4e D&D GSL Live

First off, I'm not of the camp that thinks the GSL is insane...just shrewd and frightening.

Next, I also don't completely agree with the idea that the only thing that will come out is substandard stuff that publishers don't care about....but it's definitely a possibility, and seems to be really a knife in the back of not just the large 3pp, but the small startups.

You've been running a campaign in your own world, with your own backstory, major players, classes, spells, etc. It's been playtested and revised as your own group's campaign, to the point that it works well, is balanced, and awesomely fun.

Under the OGL, you can publish this thing, and 'give' (for a fee) it to the world to experience, and potentially make money. All your work might pay off.
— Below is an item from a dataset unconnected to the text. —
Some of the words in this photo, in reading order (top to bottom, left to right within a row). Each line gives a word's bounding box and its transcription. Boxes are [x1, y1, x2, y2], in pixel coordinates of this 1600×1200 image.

Under the GSL, you now have to ask yourself some questions:

- Despite my high opinion of some employees at Hasbro, am I certain they won't decide to exercise their contractual ability to *yoink* my stuff?
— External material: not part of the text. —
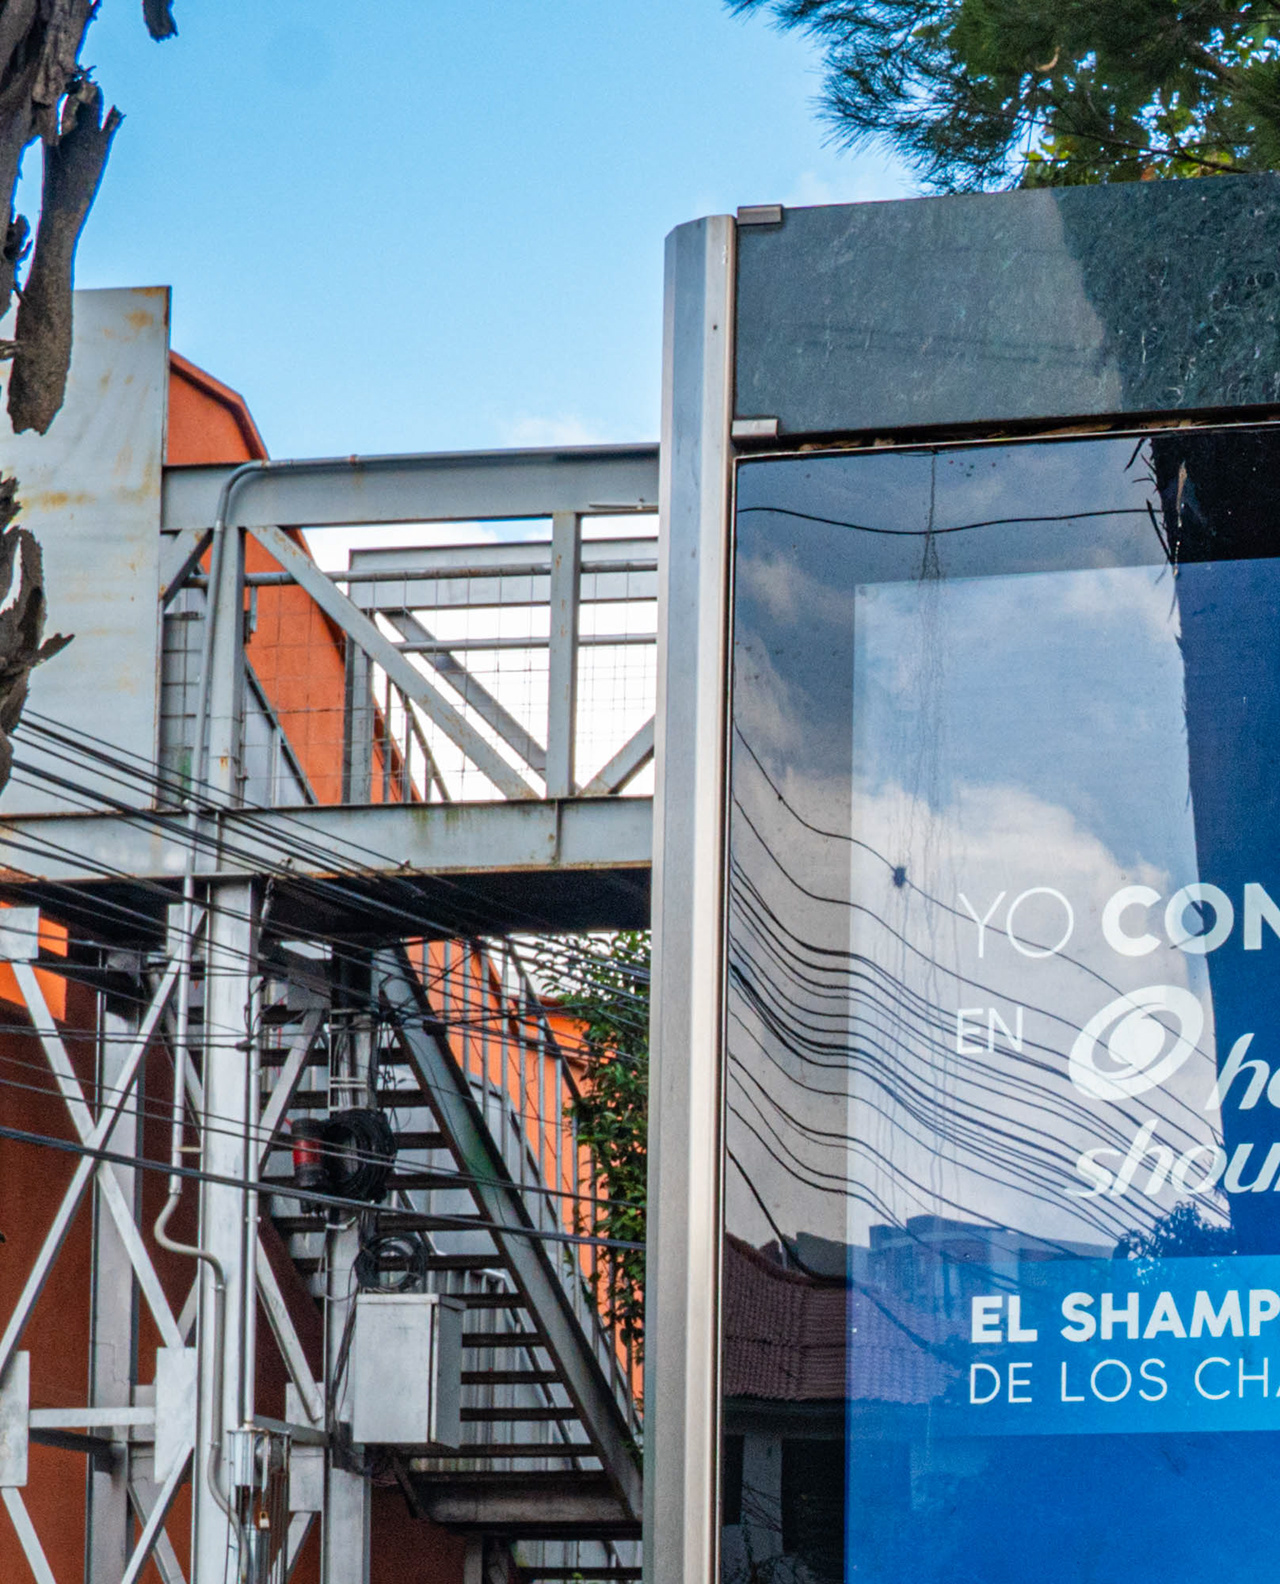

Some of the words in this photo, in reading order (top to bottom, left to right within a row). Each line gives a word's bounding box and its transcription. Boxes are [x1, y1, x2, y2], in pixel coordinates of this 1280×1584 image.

- If the first answer is yes, am I certain that those employees have contracts guaranteeing them jobs forever, and no one will come in later who will want to exercise their contractual *yoink* potential?

- Am I certain that I can make all the money I feel I should under the GSL before they introduce 5E or (in my mind equally likely) before they pull the GSL rug out from under me because 3p stuff is selling too well?

To me the thing that will drive the premature dumping of the GSL is not that one little publisher has something so sweet that they damage sales, but that it turns out that the GSL was not enough to stop the 3pps from AS A GROUP selling enough to constitute a share of the market that Hasbro thinks is too large. I am of the opinion that if multiple 3pp are successful using the GSL, that will actually make it more likely that the revise/revoke it.

I still believe most PEOPLE are ethical - companies are driven by too many external variables to have their own personalities (particularly publicly held companies)...so whatever credit we give the individuals for their ethics, a larger entity does only what drives shareholder value.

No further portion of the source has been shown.